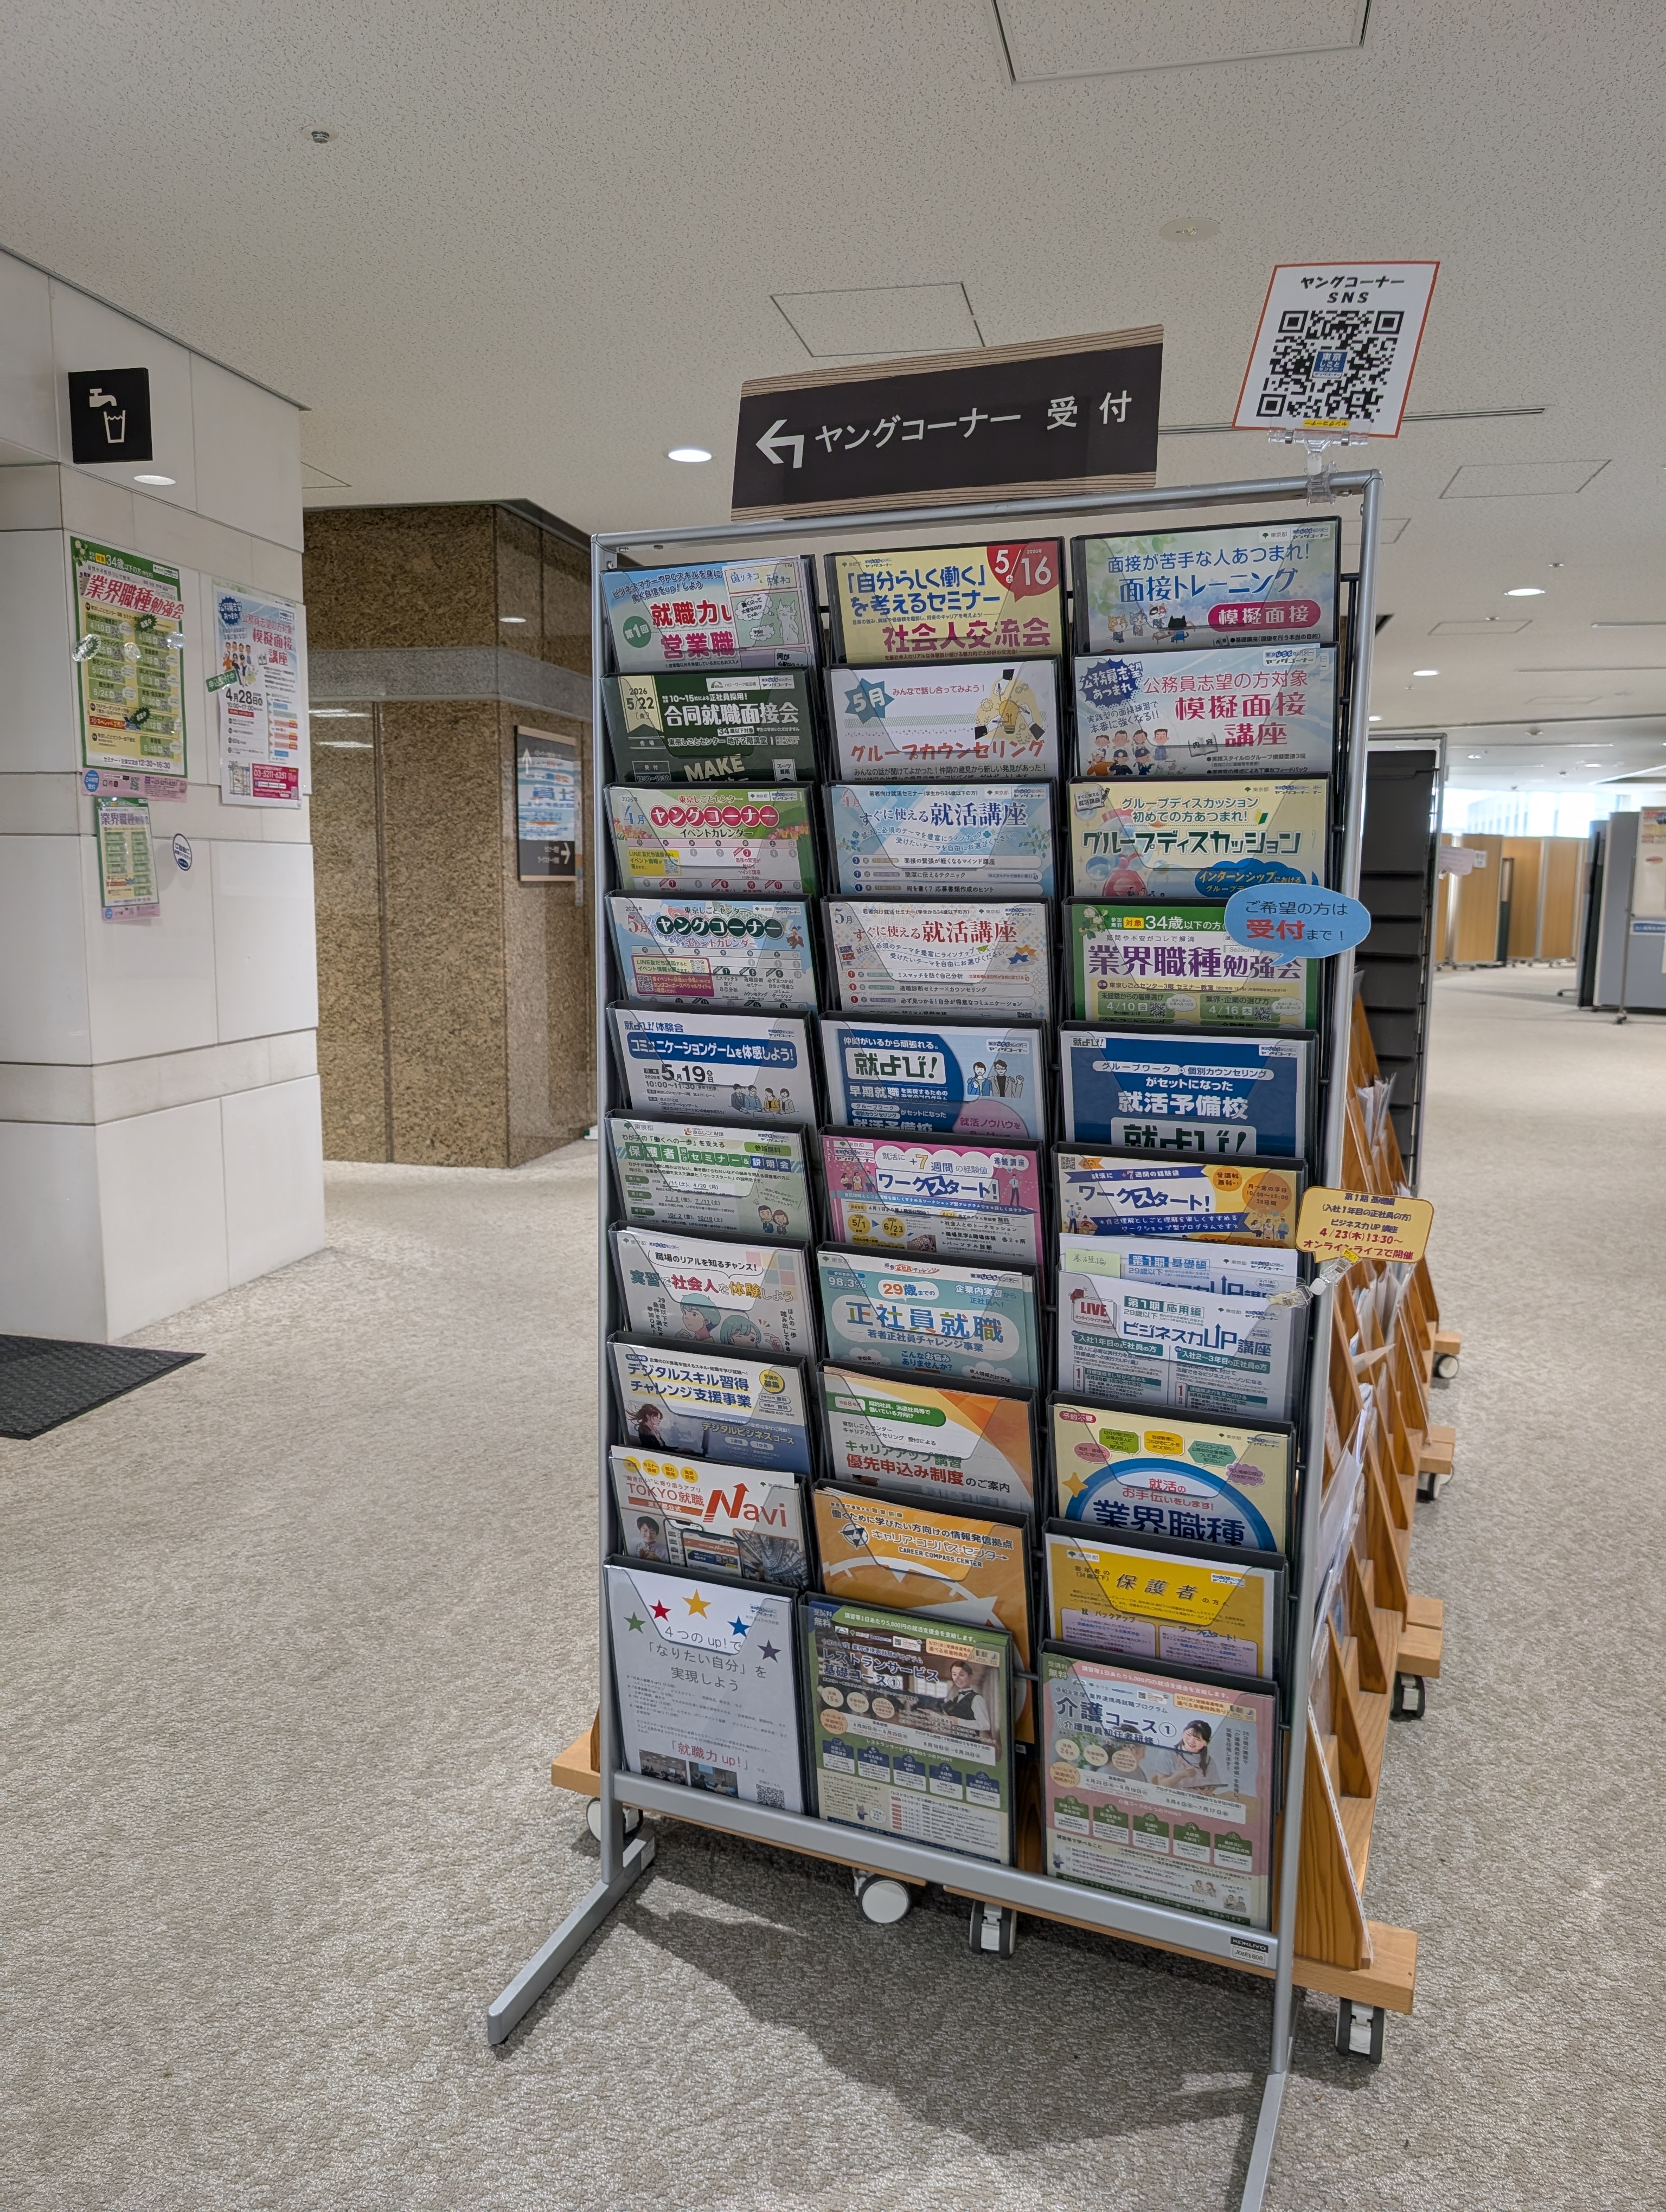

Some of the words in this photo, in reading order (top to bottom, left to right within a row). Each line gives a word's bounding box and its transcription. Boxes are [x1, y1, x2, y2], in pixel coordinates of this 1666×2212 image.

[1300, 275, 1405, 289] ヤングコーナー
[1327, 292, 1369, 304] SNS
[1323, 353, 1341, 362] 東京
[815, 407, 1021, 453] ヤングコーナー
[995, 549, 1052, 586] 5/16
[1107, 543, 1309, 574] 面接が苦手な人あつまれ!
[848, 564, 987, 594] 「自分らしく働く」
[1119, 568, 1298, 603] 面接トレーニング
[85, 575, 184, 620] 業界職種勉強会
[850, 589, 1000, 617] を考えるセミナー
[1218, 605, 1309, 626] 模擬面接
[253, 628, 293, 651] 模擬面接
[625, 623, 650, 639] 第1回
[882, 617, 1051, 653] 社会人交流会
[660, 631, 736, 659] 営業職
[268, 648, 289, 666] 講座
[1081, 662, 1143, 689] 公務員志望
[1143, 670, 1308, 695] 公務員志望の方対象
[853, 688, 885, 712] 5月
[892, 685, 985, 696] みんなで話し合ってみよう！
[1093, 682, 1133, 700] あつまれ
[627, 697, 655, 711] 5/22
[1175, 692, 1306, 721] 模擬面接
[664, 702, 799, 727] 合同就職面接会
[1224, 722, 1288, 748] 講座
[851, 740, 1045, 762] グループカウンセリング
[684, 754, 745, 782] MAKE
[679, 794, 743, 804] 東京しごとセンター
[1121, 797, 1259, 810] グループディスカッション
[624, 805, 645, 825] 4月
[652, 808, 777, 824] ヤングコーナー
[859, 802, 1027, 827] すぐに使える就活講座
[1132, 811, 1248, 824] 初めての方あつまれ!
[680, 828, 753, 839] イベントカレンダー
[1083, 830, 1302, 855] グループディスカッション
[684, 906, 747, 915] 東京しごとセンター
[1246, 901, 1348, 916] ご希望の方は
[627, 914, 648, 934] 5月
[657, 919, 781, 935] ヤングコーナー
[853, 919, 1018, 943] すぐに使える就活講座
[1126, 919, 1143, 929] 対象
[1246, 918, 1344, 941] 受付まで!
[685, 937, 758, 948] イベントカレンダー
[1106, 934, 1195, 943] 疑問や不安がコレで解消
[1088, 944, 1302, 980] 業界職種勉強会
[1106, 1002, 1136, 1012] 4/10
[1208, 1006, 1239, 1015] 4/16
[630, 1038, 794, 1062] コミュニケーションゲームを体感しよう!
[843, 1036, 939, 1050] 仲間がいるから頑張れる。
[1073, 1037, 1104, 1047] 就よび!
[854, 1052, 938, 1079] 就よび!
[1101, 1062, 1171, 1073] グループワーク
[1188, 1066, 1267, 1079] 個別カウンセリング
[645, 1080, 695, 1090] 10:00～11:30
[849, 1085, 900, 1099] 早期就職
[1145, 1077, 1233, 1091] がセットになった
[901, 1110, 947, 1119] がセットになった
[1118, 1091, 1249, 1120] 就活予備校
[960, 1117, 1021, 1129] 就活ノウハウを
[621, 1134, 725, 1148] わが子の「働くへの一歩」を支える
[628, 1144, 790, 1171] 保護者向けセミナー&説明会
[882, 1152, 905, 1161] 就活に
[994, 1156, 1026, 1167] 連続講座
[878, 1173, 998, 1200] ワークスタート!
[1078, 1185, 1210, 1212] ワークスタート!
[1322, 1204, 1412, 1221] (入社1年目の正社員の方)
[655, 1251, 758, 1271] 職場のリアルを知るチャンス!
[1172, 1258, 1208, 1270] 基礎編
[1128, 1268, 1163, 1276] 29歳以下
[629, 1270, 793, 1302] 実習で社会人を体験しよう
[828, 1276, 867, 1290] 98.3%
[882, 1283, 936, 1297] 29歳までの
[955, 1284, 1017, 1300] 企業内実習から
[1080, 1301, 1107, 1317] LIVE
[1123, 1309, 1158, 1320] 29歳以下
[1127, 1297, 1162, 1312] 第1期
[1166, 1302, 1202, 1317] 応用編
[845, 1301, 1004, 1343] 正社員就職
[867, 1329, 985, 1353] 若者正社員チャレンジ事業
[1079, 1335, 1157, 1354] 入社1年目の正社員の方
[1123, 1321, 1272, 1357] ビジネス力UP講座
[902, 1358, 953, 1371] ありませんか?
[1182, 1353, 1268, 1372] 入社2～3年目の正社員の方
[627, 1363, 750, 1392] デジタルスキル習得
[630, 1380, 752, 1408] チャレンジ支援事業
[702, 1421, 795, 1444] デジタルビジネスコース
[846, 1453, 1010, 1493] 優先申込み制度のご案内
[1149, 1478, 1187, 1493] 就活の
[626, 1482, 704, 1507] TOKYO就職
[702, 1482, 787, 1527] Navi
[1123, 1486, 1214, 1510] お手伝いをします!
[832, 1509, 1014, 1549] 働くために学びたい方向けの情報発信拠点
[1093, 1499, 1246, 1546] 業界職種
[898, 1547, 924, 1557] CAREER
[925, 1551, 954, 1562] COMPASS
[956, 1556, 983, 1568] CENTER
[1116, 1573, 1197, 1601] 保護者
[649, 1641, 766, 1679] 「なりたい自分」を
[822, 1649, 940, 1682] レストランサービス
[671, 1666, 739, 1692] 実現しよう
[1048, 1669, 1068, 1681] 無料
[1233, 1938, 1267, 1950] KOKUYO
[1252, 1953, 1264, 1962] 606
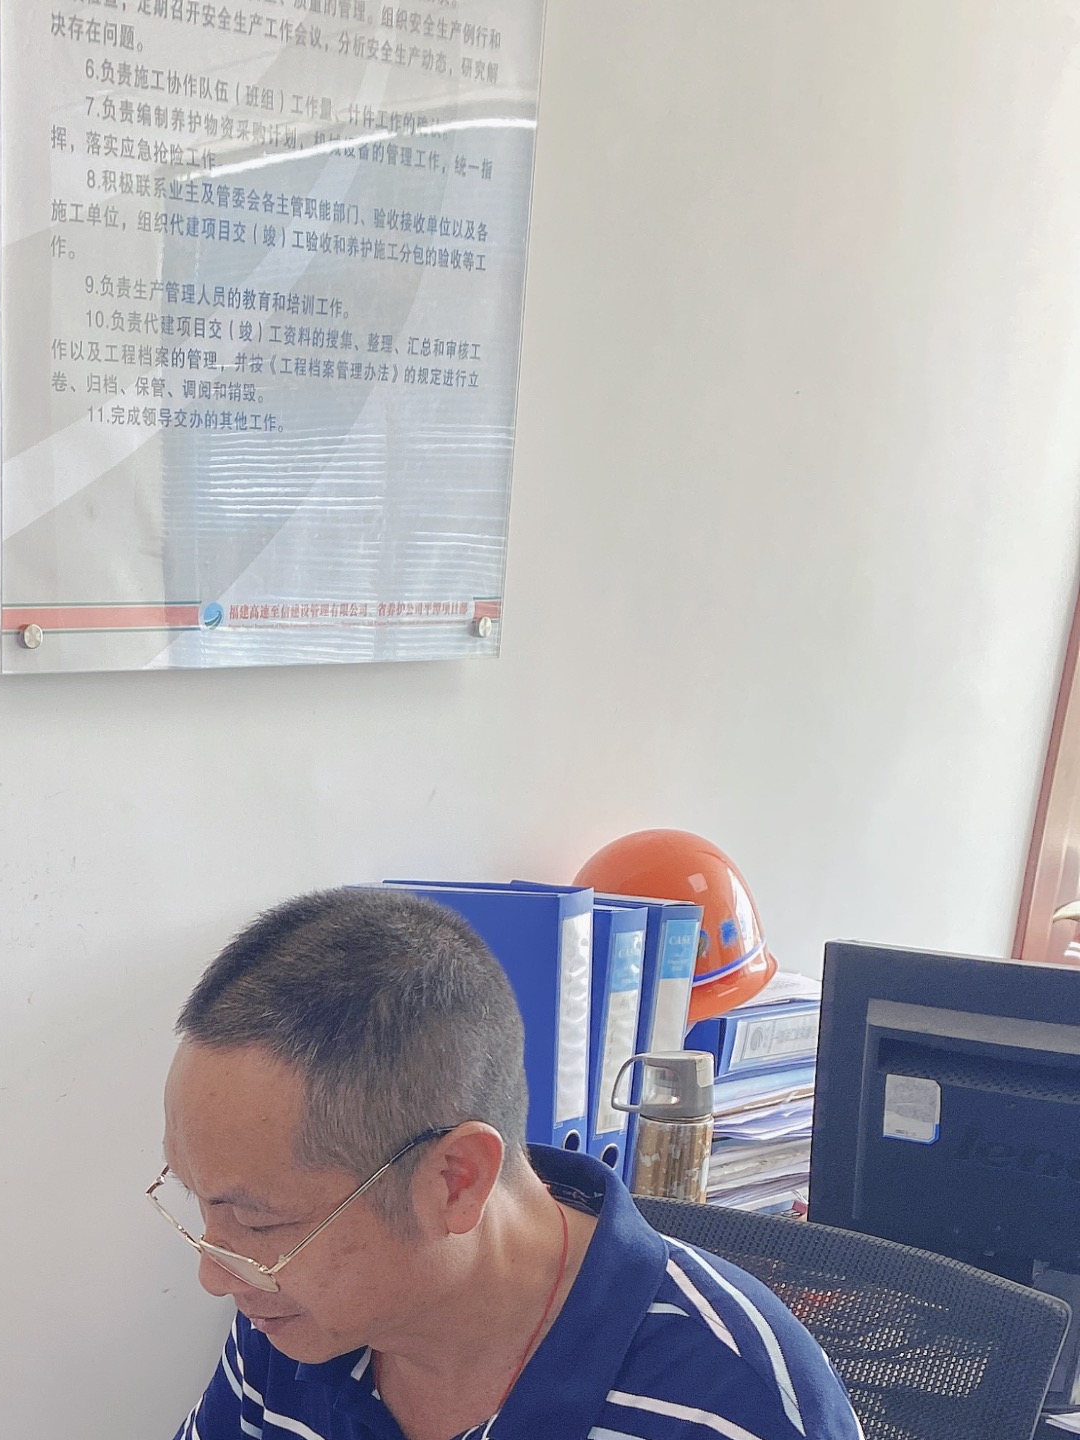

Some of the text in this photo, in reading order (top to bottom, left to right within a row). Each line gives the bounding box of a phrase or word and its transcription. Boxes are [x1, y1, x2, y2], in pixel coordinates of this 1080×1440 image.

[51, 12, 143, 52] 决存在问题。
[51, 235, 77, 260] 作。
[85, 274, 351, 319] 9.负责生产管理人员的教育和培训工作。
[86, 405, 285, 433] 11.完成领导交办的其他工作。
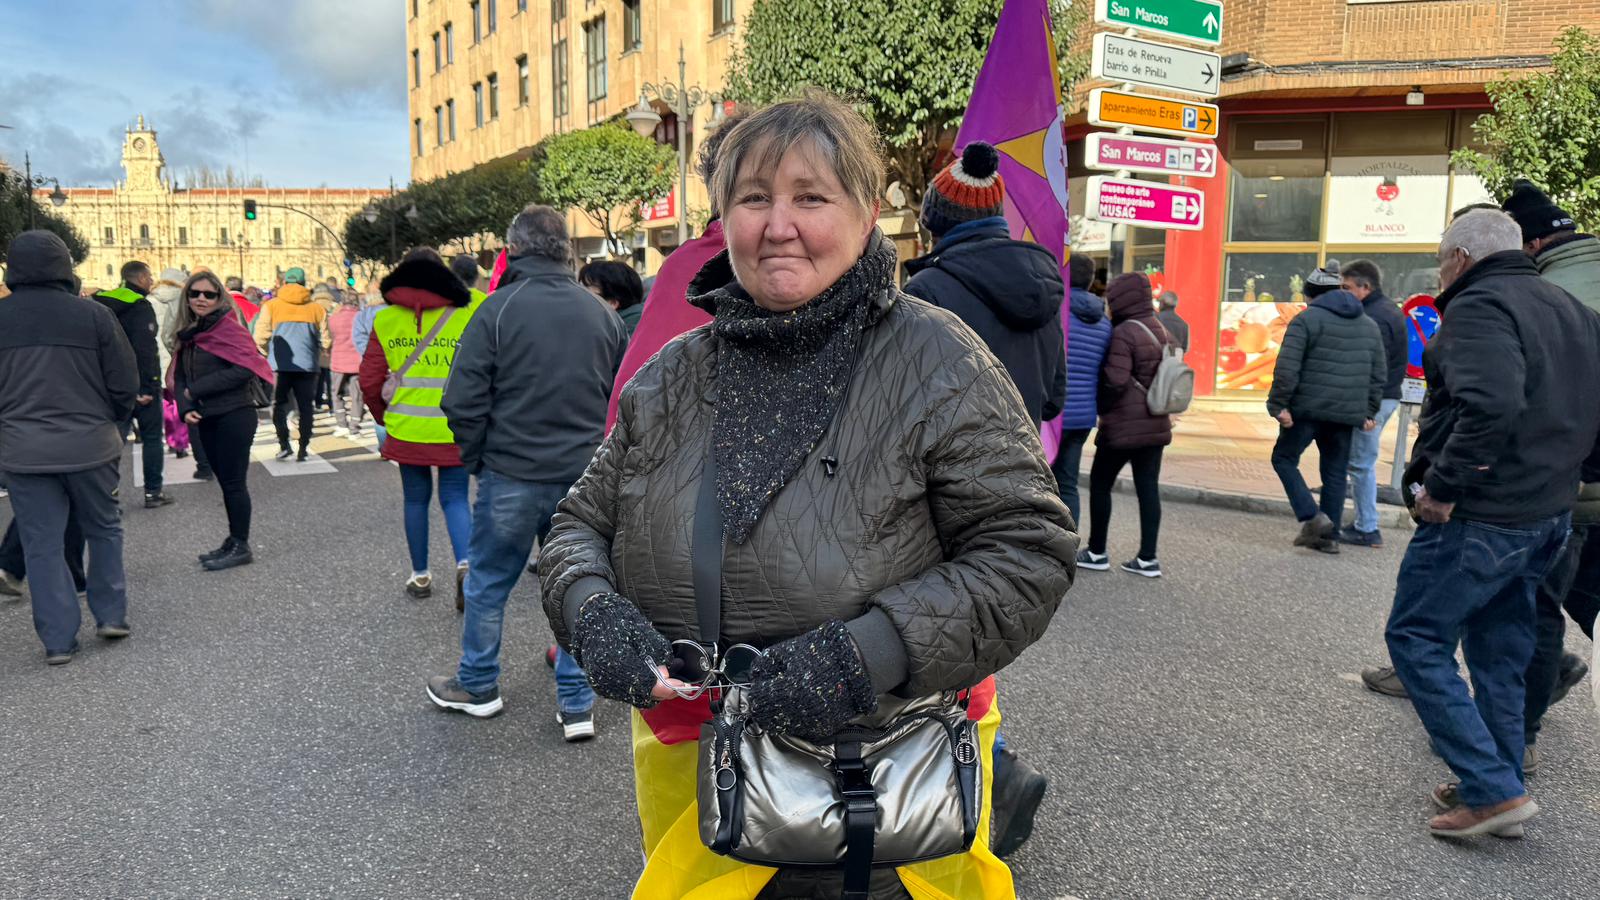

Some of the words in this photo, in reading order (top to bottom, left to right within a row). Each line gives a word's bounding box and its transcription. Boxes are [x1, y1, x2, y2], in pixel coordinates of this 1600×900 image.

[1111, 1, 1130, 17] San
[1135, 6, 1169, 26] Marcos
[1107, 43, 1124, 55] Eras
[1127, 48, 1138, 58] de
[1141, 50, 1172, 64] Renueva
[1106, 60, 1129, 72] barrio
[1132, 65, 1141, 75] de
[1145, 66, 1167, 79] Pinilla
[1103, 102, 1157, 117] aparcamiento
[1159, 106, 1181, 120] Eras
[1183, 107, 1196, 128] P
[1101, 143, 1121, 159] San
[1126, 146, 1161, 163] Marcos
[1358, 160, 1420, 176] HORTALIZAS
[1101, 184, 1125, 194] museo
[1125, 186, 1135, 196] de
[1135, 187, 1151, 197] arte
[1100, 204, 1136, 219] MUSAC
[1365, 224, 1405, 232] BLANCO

■ WHAT THIS TASK INVOLVES ■
Skip the pictures and write out exactly the lines from the line containing "Some of the text" through the end of the listing above.

■ EXERCISE ANSWER ■
Some of the text in this photo, in reading order (top to bottom, left to right within a row). Each line gives the bounding box of a phrase or word and its transcription. Boxes are [x1, y1, x2, y2], in pixel coordinates of this 1080×1440 image.

[51, 12, 143, 52] 决存在问题。
[51, 235, 77, 260] 作。
[85, 274, 351, 319] 9.负责生产管理人员的教育和培训工作。
[86, 405, 285, 433] 11.完成领导交办的其他工作。

Some of the words in this photo, in reading order (top to bottom, left to right within a row). Each line gives a word's bounding box and its transcription. Boxes are [x1, y1, x2, y2], in pixel coordinates of this 1600×900 image.

[1111, 1, 1130, 17] San
[1135, 6, 1169, 26] Marcos
[1107, 43, 1124, 55] Eras
[1127, 48, 1138, 58] de
[1141, 50, 1172, 64] Renueva
[1106, 60, 1129, 72] barrio
[1132, 65, 1141, 75] de
[1145, 66, 1167, 79] Pinilla
[1103, 102, 1157, 117] aparcamiento
[1159, 106, 1181, 120] Eras
[1183, 107, 1196, 128] P
[1101, 143, 1121, 159] San
[1126, 146, 1161, 163] Marcos
[1358, 160, 1420, 176] HORTALIZAS
[1101, 184, 1125, 194] museo
[1125, 186, 1135, 196] de
[1135, 187, 1151, 197] arte
[1100, 204, 1136, 219] MUSAC
[1365, 224, 1405, 232] BLANCO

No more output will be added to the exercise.